Statistics Canada reported that Canada’s inflation rate slowed in December, marking its second straight month under the Bank of Canada’s (BoC) 2% target. The decline was helped by the federal government’s sales tax break, which was implemented to bring down the total costs of many essential goods around the holidays. While inflation has slowed, the BoC is likely to keep lowering interest rates, but potentially at a more gradual pace in 2025.
- Canada’s annual inflation rate was 1.8% in December, down from the 1.9% rate in the previous month. This marked Canada’s lowest inflation rate since September, benefiting from the sales tax break. It was estimated that inflation might have moved above the BoC’s 2% target without the tax break. On a monthly basis, consumer prices fell by 0.4%.

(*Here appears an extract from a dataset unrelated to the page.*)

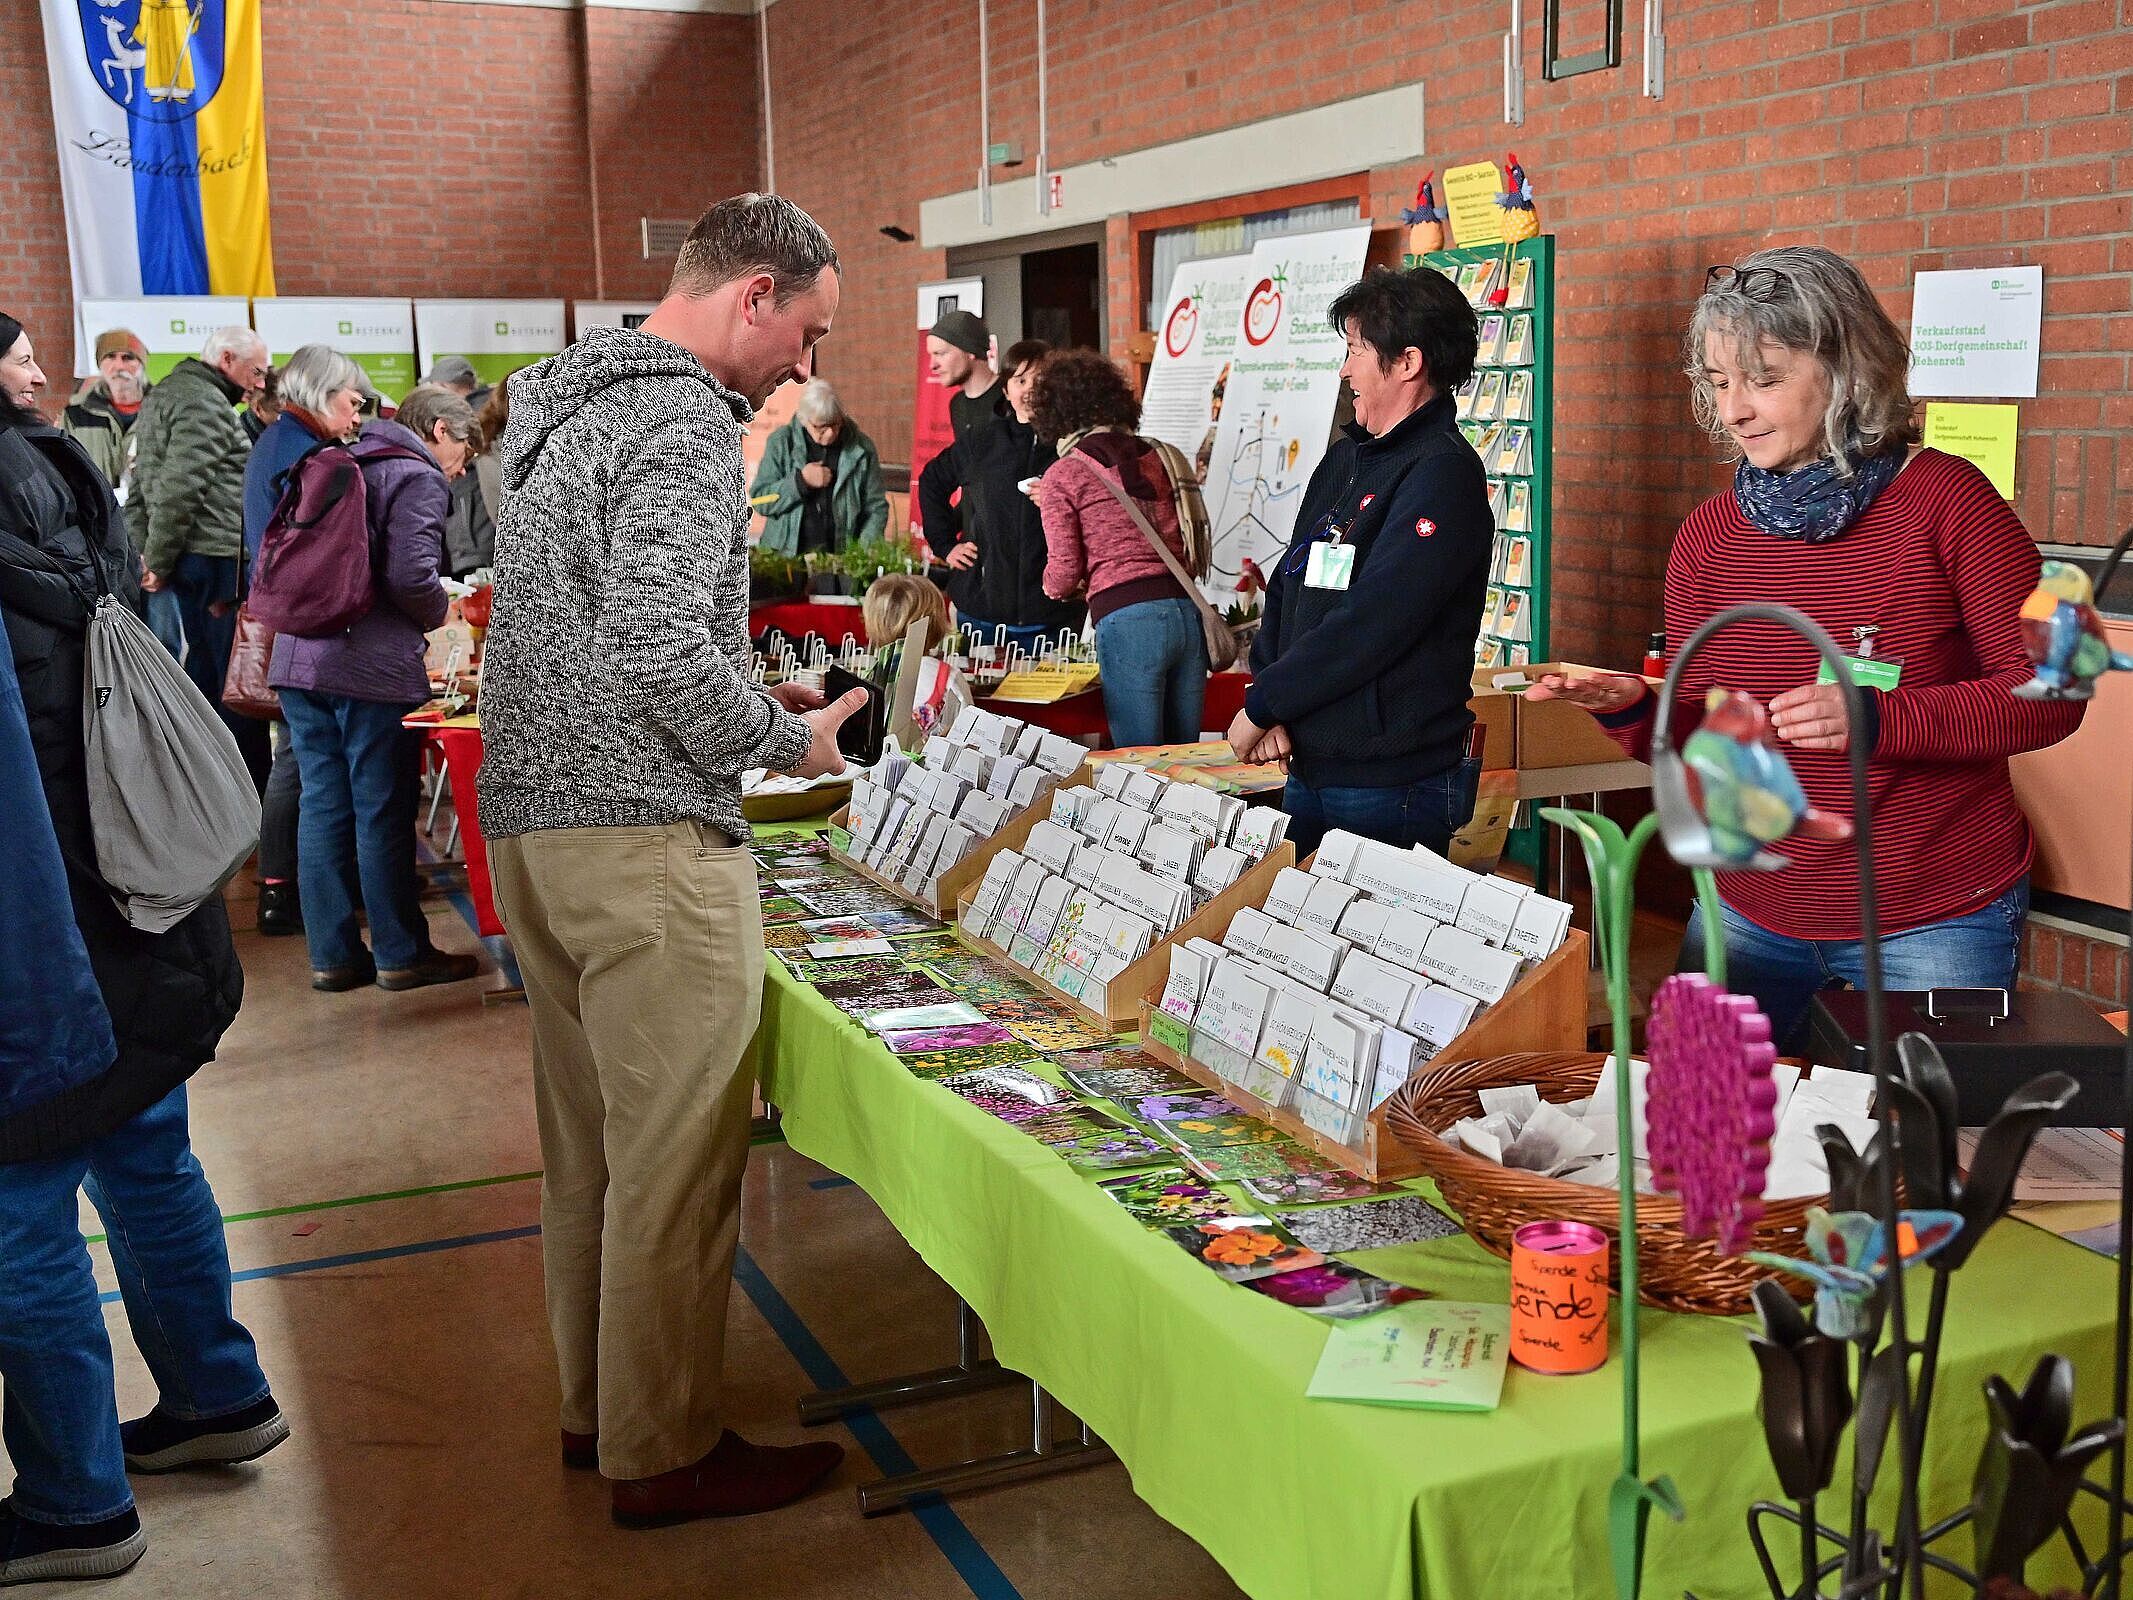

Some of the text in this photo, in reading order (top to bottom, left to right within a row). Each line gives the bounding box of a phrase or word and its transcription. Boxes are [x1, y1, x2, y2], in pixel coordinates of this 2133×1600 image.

- The annual growth in prices slowed for shelter and food in December over November. Within the food category, the tax break dropped the total spent at restaurants. Conversely, prices for gasoline picked up in December, rising by 3.5%.
- Key measures of core inflation, which excludes volatile items such as energy and food, edged lower in December. Still, core inflation remained above the BoC’s 2% target, suggesting Canada’s central bank has room to further lower interest rates.
- US President Donald Trump was sworn in on Monday and reiterated his desire for a broad-based 25% tariff on Canadian imports into the US. This could come at the beginning of February. Tariffs have weighed on the outlook for Canada’s economic health.
Data is pointing to more rate cuts from the BoC this year, perhaps as early as its January meeting. The BoC looks poised to take a more gradual approach. However, tariffs, and their impact on Canada’s economy, hang in the balance and could affect the BoC’s path of monetary easing. The BoC’s next interest-rate decision is on January 29.